The **[R]{.sans-serif}** function used to fit regression models is the
`lm` function. Let's begin by doing a simple linear regression of
systolic blood pressure on diastolic blood pressure.
`> lm(sbp `$\sim$` dbp, data=dat)`
At first glance, **[R]{.sans-serif}** returns the estimated regression
parameters $\hat{\beta_0}$ and $\hat{\beta_1}$ but very little else.
What about the model $r^2$? How do we find the residuals? What about
confidence intervals, influential points, or the other diagnostics one
should consider when performing a regression analysis?
By storing the fitted model as an object, we are able to unleash all the
power in the `lm` function. Let's try again, but this time, store the
linear model as an object.
`> mymod = lm(sbp `$\sim$` dbp, data=dat)`
The variable `mymod` now stores the information from the regression of
`sbp` on `dbp`. `mymod` is a linear model object. Just as we earlier saw
examples of numeric objects (`x = 5`) and character objects
(`y = "Hi"`), we now have the object `mymod` which is a linear model
object. Let's verify that `mymod` is a linear model object.
`> class(mymod)`
Now that we have the "lm\" object stored in `mymod`, let's do some more
investigation.
`> summary(mymod)`
The `summary` function returns the following
- A 5-number summary of the residuals
- A table of regression coefficients, standard errors, t-statistics,
and p-values for testing the hypotheses that $\beta_i = 0$
- An estimate of the error standard deviation
- Unadjusted and adjusted model $r^2$
- An overall F-test of no model effect
We can use the names function to see everything that is stored in
`mymod`.
`> names(mymod)`
We can extract any single attribute using \$.
`> mymod$coefficients`
`> mymod$fitted.values`
**[R]{.sans-serif}** has many "extractor" functions:
`> coef(mymod)`
`> fitted(mymod)`
**[R]{.sans-serif}** also has powerful graphing tools for checking model
assumptions. For a simple linear regression, we need to check for
- The nature of the relationship between $Y$ and $X$ (linear?)
- The error distribution
- Influential points
Using the `plot` function, we can cycle through diagnostic graphs to
test each of the above assumptions.
`> plot(residuals(mymod), predict(mymod), main="Residual Plot")`
Confidence intervals for the regression coefficients provide much more
information than p-values. Confidence intervals for $\beta_0$ and
$\beta_1$ can be generated using the `confint` function.
`> confint(mymod)`
`> confint(mymod, level=.90)`
We can also examine the ANOVA table associated with the regression
model.
`> anova(mymod)`
## Analysis of Variance
Suppose one wishes to do a 2-way ANOVA model, where diastolic blood
pressure is the response with gender and smoking status the two factors.

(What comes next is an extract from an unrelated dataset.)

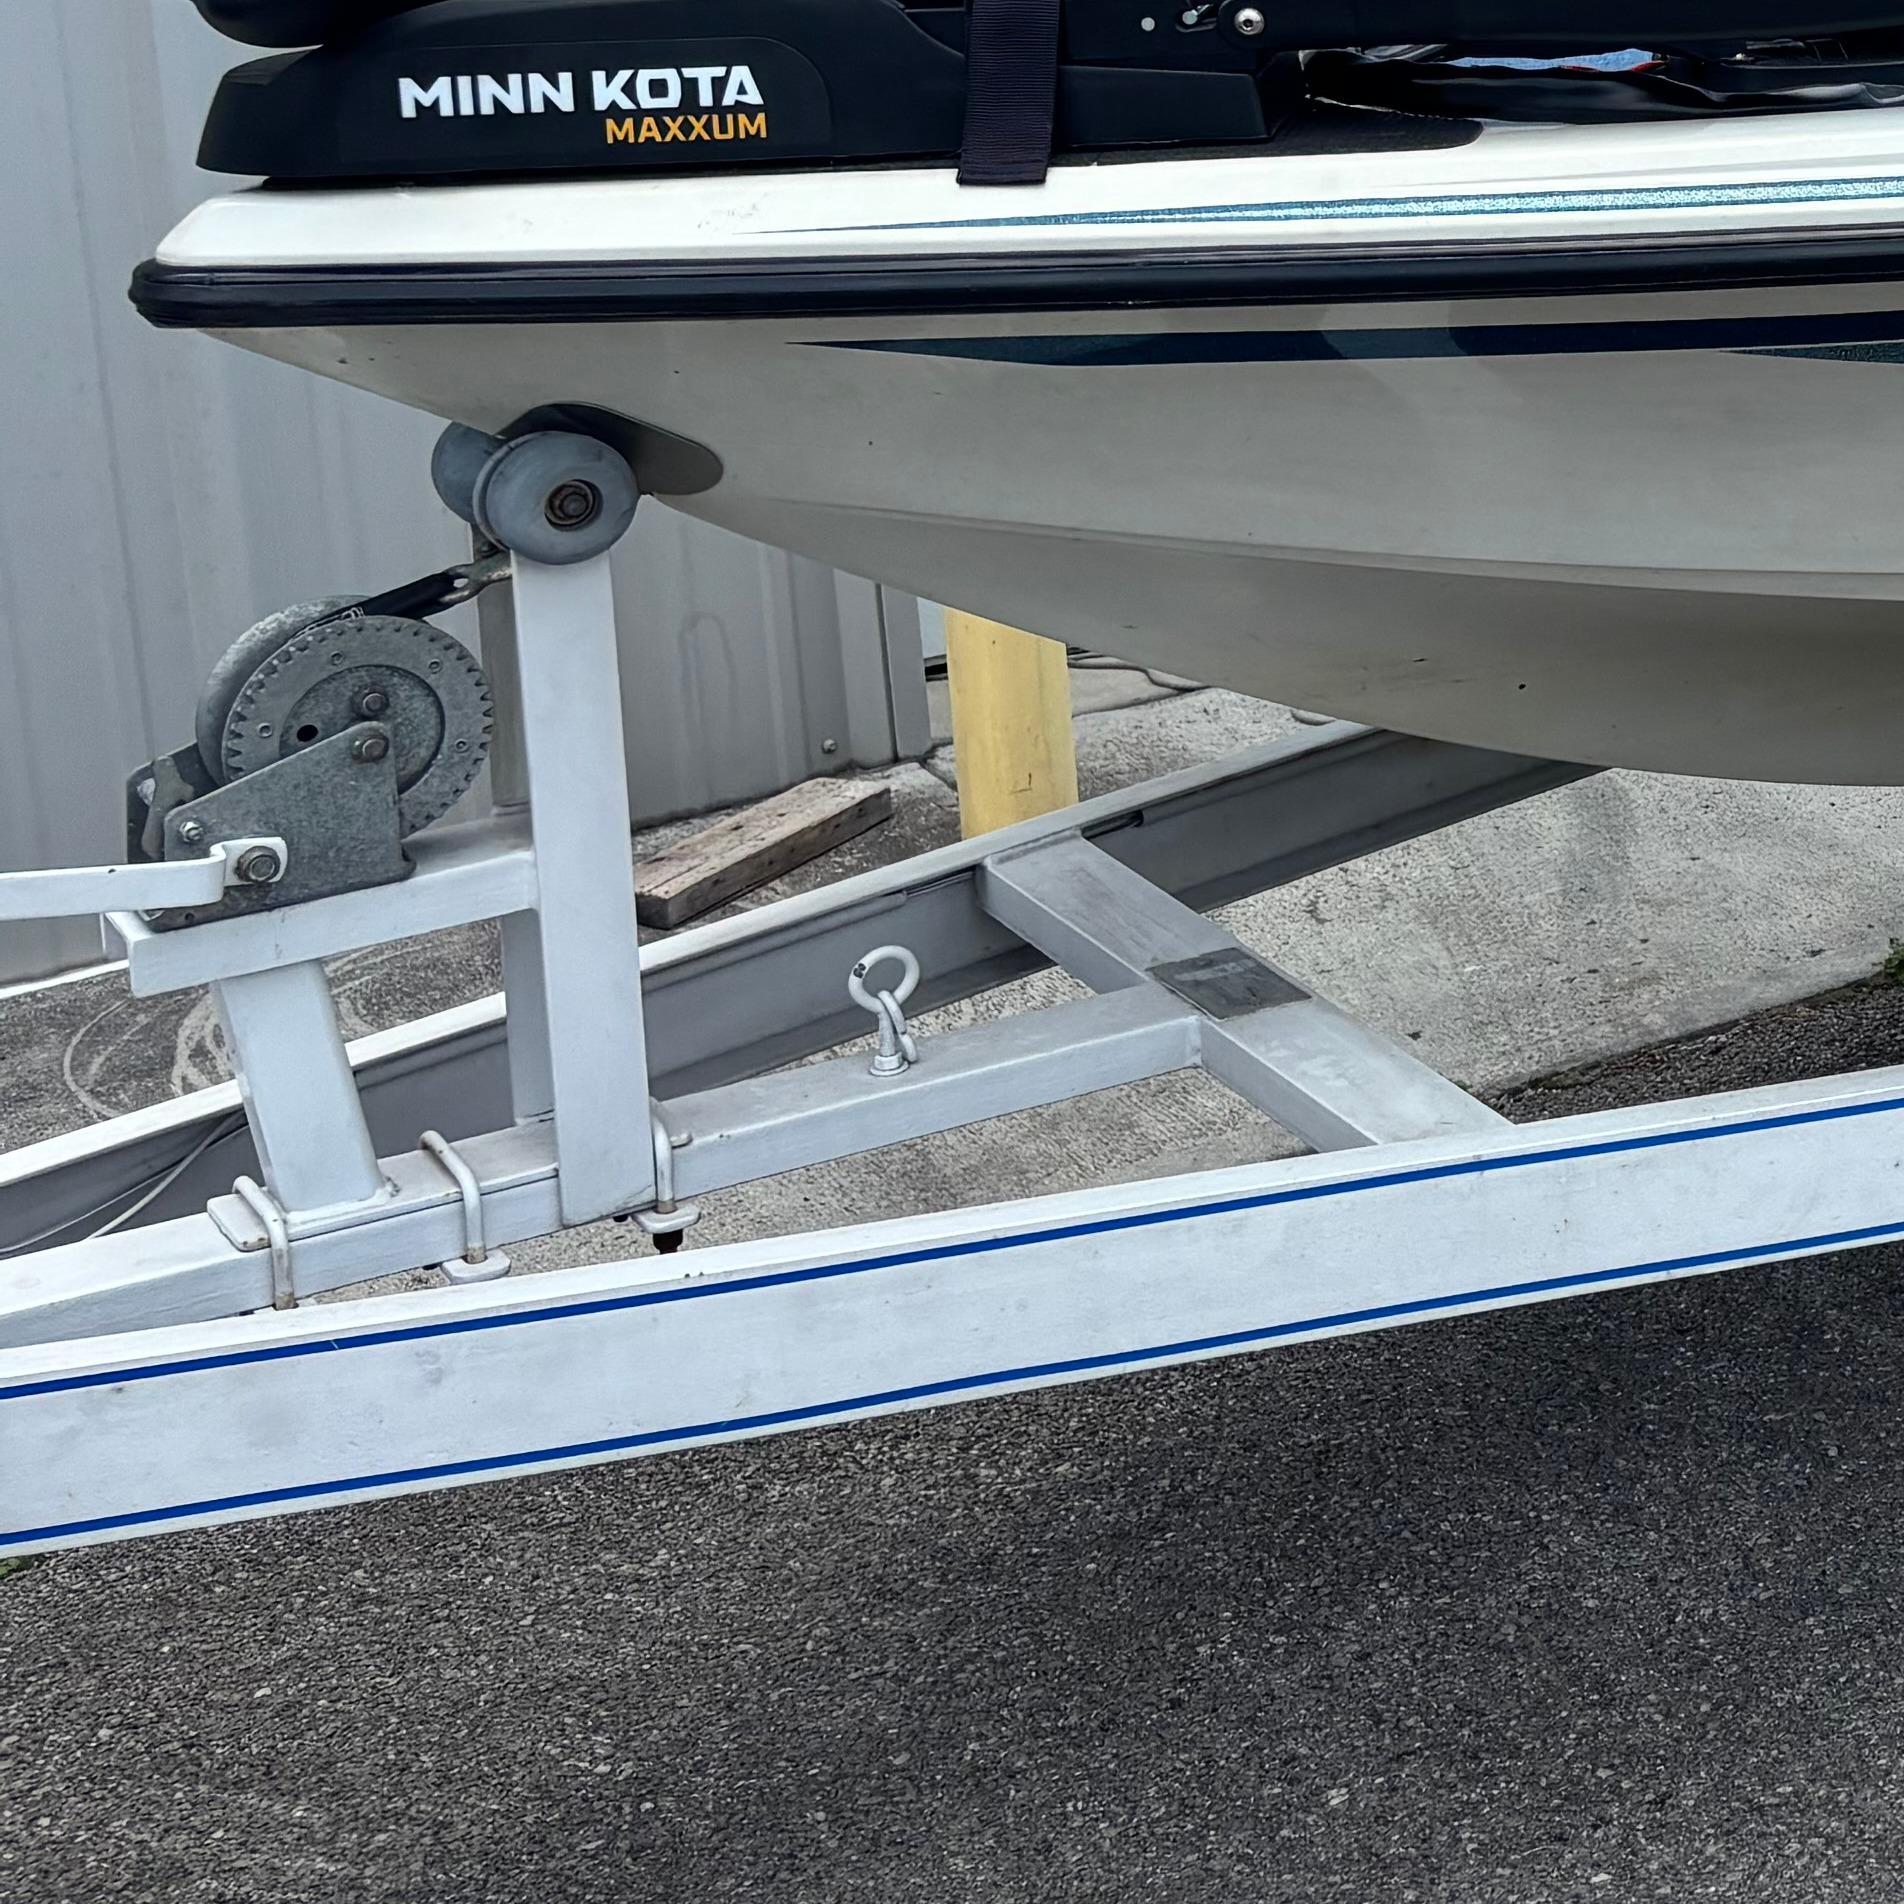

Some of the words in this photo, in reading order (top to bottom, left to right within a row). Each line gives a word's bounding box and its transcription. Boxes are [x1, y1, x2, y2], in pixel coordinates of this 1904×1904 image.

[398, 71, 575, 119] MINN
[592, 65, 764, 111] KOTA
[604, 111, 768, 144] MAXXUM

As always, it is important to begin by investigating the relationships
graphically.
`> boxplot(dbp `$\sim$` smoke, data=dat)`
`> boxplot(dbp `$\sim$` gen, data=dat)`
`> with(dat, interaction.plot(smoke, gen, dbp))`
Since an ANOVA model is simply a linear model where the only predictors
are dummy variables representing group membership, ANOVA models can be
fit using the `lm` function.
`> lm.mod = lm(dbp `$\sim$` gen + smoke, data=dat)`
`> summary(lm.mod)`
Many researchers prefer output organized in a different ANOVA table. We
can also use the `aov` function to fit an ANOVA model.
`> aov.mod = aov(dbp `$\sim$` gen + smoke, data=dat)`
`> summary(aov.mod)`
`lm.mod` and `aov.mod` represent the same fit but the `summary` function
reports them differently. `summary` is an example of a generic function.
Different versions are used for different classes. Remember that we used
`summary` earlier to describe numeric vectors, factors, and data.frames.
Let's investigate the class of the two models.
`> class(lm.mod)`
`> class(aov.mod)`
The following commands give the mean of the dependent variable and each
factor level:
`> model.tables(aov.mod)`
`> ?model.tables`
We can use Tukey's HSD procedure to test the pairwise differences,
adjusting for multiple testing:
`> TukeyHSD(aov.mod)`
`> ?TukeyHSD`
## Multiple Linear Regression
A multiple linear regression assumes the following relationship:
$$Y = \beta_0 + \beta_1X_1 + \beta_2X_2 + ... + \beta_pX_p + \epsilon$$
In this notation, $Y$ represents the response variable of interest, and
the $X_j$ correspond to predictor variables. When fitting a linear
regression model, one aim to estimate the $\beta$ parameters. The fitted
model is sometimes used to predict future responses.
We will use the built-in LifeCycleSavings data set (which we saw in
passing earlier) to illustrate fitting a multiple linear regression. We
will use the popular `car` (Companion to Applied Regression) package for
some regression diagnostics.
`> data()`
Let's first begin by learning about the data set.
`> help(LifeCycleSavings)`
Shorten the name.
`> Life=LifeCycleSavings`
Now let's make a boxplot of each of the five variables. For comparison,
it would be helpful to view all of the plots on the same output. The
`par` and `mfrow` commands are useful for this. The `par` function
allows you to set graphical parameters, and `mfrow` allows you to
specify an array of plots.
The following commands set up a two by two grid of plots.
`> par(mfrow=c(2,2))`
We can add boxplots one at a time.
`> boxplot(Life$sr, main="sr")`
`> boxplot(Life$pop15, main="pop15")`
`> boxplot(Life$pop75, main="pop75")`
`> boxplot(Life$dpi, main="dpi")`
After exploring the marginal relationships of each of the variables, it
is a good idea to investigate the bivariate relationships. We do this
both numerically and graphically.
`> cor(Life)`
`> pairs(Life, panel=panel.smooth)`
Now fit a multiple regression model using the `lm` function.
`> mr.mod = lm(sr `$\sim$` pop15 + pop75 + dpi + ddpi, data=Life)`
`> summary(mr.mod)`
`> confint(mr.mod)`
We saw that there was a large negative correlation between pop75 and
pop15. One diagnostic for multicolinearity is the variance inflation
factor (VIF). Let's investigate the variance inflation factors. It has
been implemented in the `car` package. To access the function we must
load the package:
`> library(car)`
`> ?vif`
`> vif(mr.mod)`
How does the model change if we leave out one of the variables? We fit a
different model removing pop75.
`> mr.mod2 = lm(sr `$\sim$` pop15 + dpi + ddpi, data=Life)`
We now perform an F test for nested models.
`> anova(mr.mod, mr.mod2, test="F")`